• **PROBLEM REQUIREMENTS**
Your output should repeat the entries below exactly. It should contain no images.

• **Image-backed grounding data**

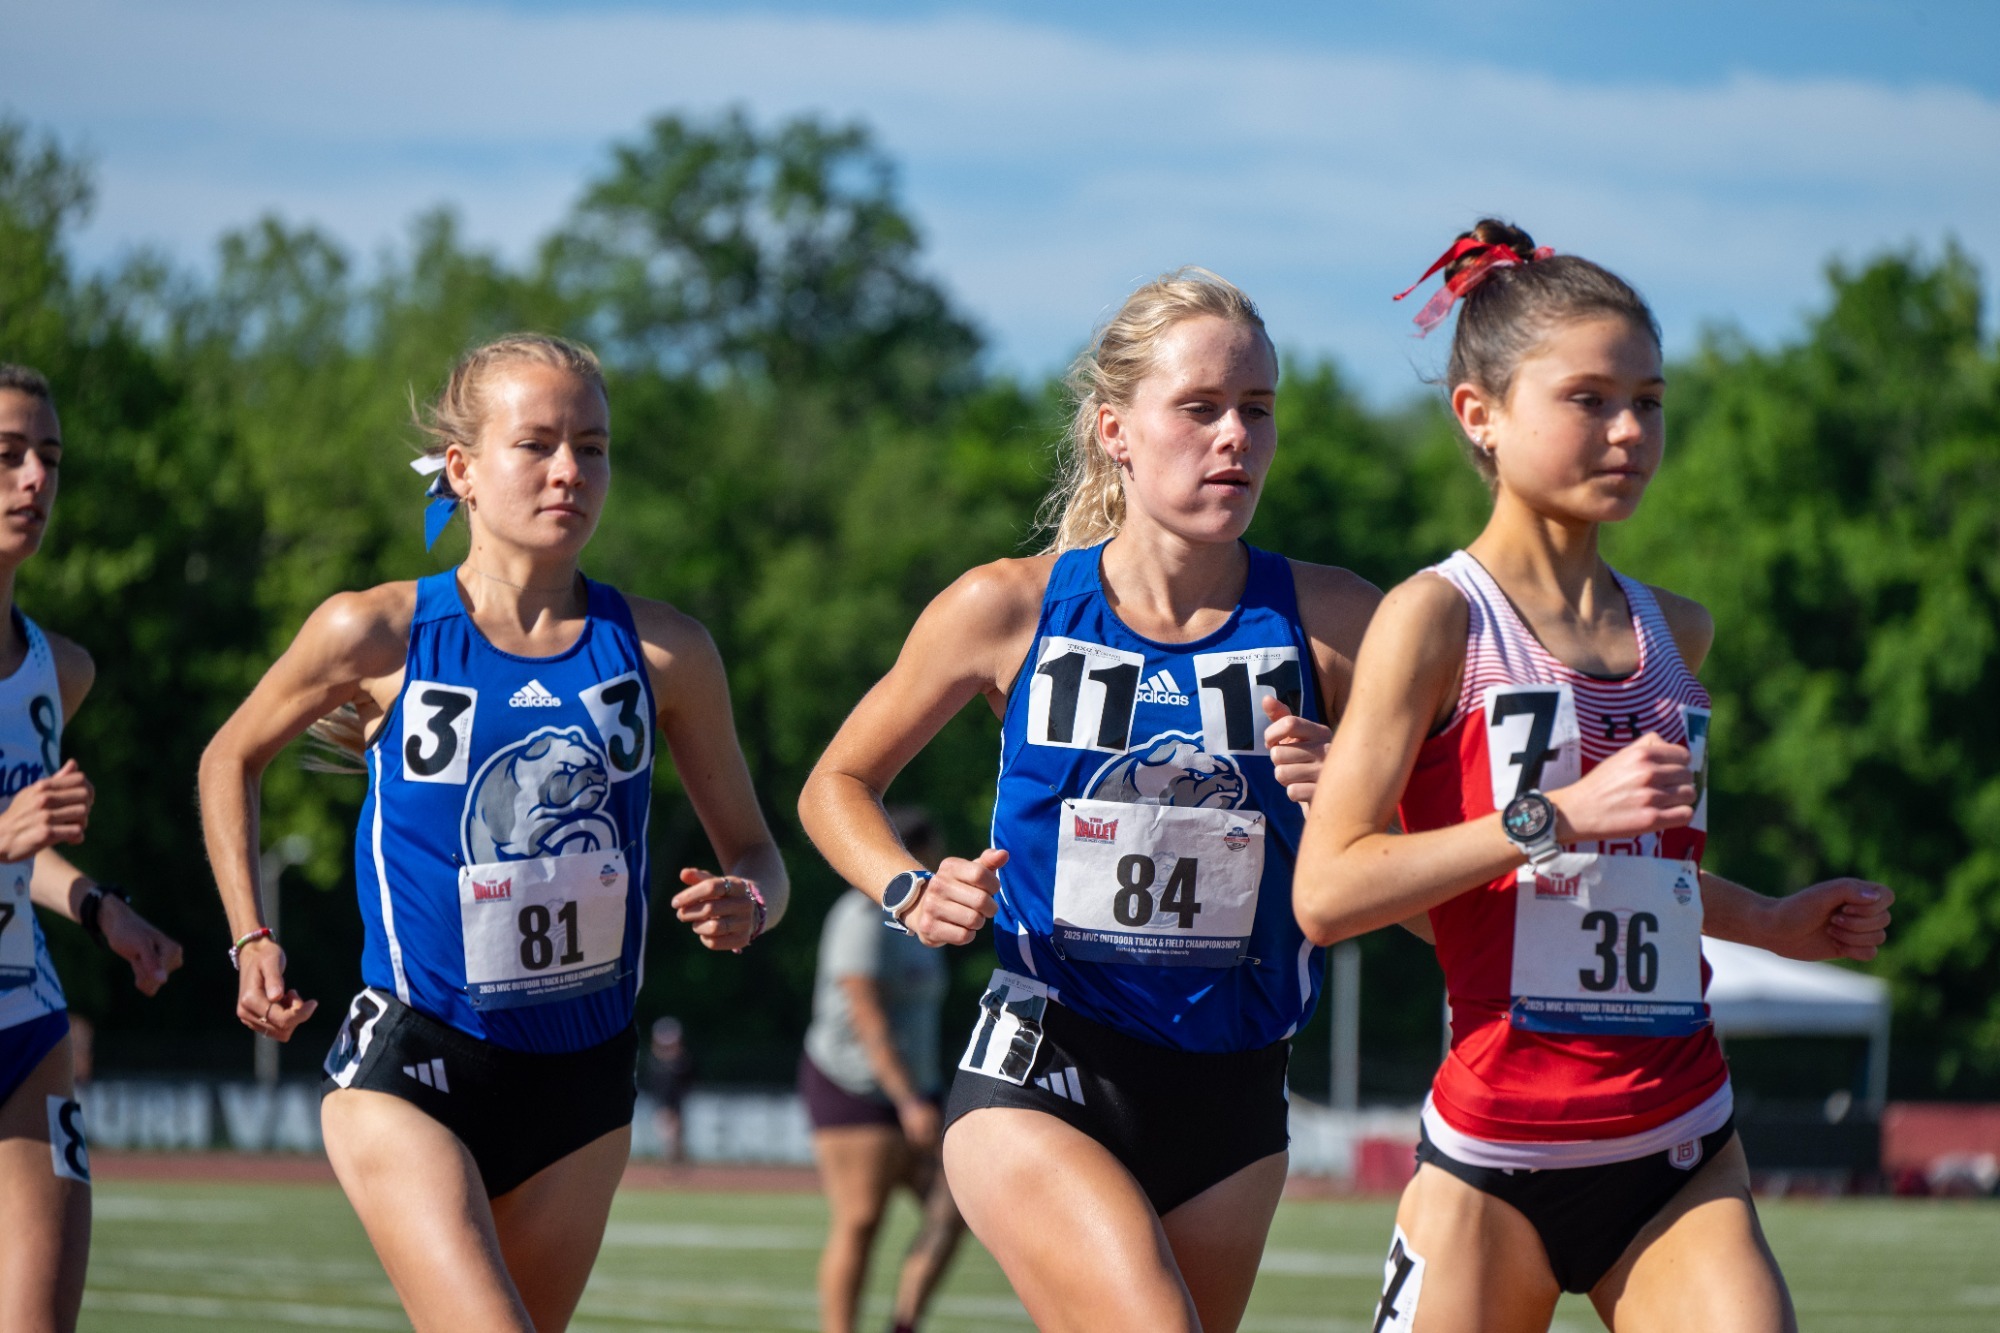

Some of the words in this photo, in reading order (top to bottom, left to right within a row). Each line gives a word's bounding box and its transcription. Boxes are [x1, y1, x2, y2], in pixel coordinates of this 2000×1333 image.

[509, 695, 562, 708] adidas
[1037, 651, 1141, 750] 11
[1136, 689, 1190, 707] adidas
[405, 689, 472, 776] 3
[601, 679, 645, 772] 3
[1491, 691, 1560, 801] 7
[1074, 814, 1119, 840] VALLEY
[472, 877, 511, 900] VALLEY
[1113, 854, 1202, 928] 84
[1535, 872, 1582, 896] VALLEY
[518, 901, 584, 971] 81
[1063, 930, 1081, 941] 2025
[1082, 932, 1098, 943] MVC
[1099, 934, 1133, 946] OUTDOOR
[1134, 937, 1158, 948] TRACK
[1158, 938, 1164, 947] &
[1165, 938, 1184, 949] FIELD
[1185, 939, 1241, 950] CHAMPIONSHIPS
[1579, 911, 1659, 993] 36
[479, 984, 495, 994] 2025
[496, 982, 511, 992] MVC
[512, 979, 540, 991] OUTDOOR
[541, 977, 559, 987] TRACK
[565, 973, 578, 983] FIELD
[1545, 1002, 1563, 1012] MVC
[1565, 1002, 1600, 1013] OUTDOOR
[1601, 1004, 1624, 1014] TRACK
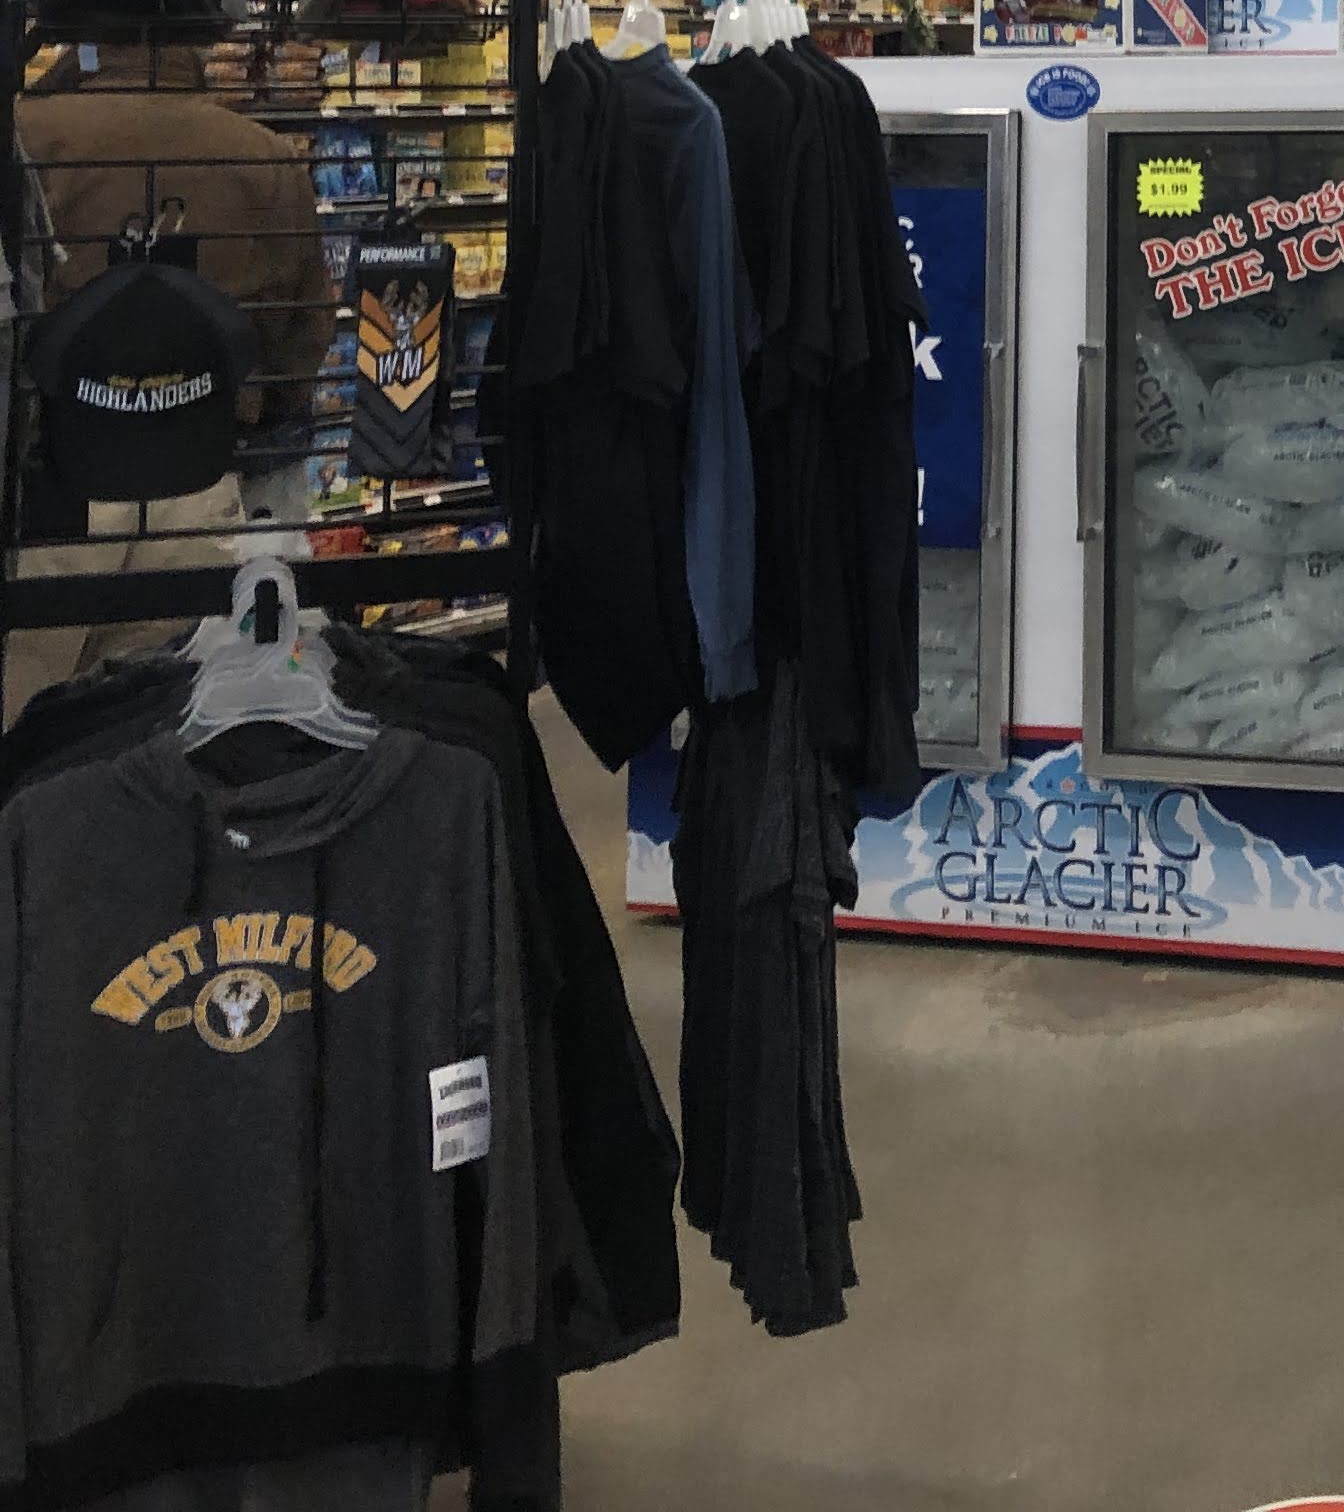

• **SOLUTION BELOW**
Some of the words in this photo, in reading order (top to bottom, left to right within a row). Each line gives a word's bounding box and its transcription. Boxes are [x1, y1, x2, y2], in pixel coordinates of this 2000×1333 image.

[509, 695, 562, 708] adidas
[1037, 651, 1141, 750] 11
[1136, 689, 1190, 707] adidas
[405, 689, 472, 776] 3
[601, 679, 645, 772] 3
[1491, 691, 1560, 801] 7
[1074, 814, 1119, 840] VALLEY
[472, 877, 511, 900] VALLEY
[1113, 854, 1202, 928] 84
[1535, 872, 1582, 896] VALLEY
[518, 901, 584, 971] 81
[1063, 930, 1081, 941] 2025
[1082, 932, 1098, 943] MVC
[1099, 934, 1133, 946] OUTDOOR
[1134, 937, 1158, 948] TRACK
[1158, 938, 1164, 947] &
[1165, 938, 1184, 949] FIELD
[1185, 939, 1241, 950] CHAMPIONSHIPS
[1579, 911, 1659, 993] 36
[479, 984, 495, 994] 2025
[496, 982, 511, 992] MVC
[512, 979, 540, 991] OUTDOOR
[541, 977, 559, 987] TRACK
[565, 973, 578, 983] FIELD
[1545, 1002, 1563, 1012] MVC
[1565, 1002, 1600, 1013] OUTDOOR
[1601, 1004, 1624, 1014] TRACK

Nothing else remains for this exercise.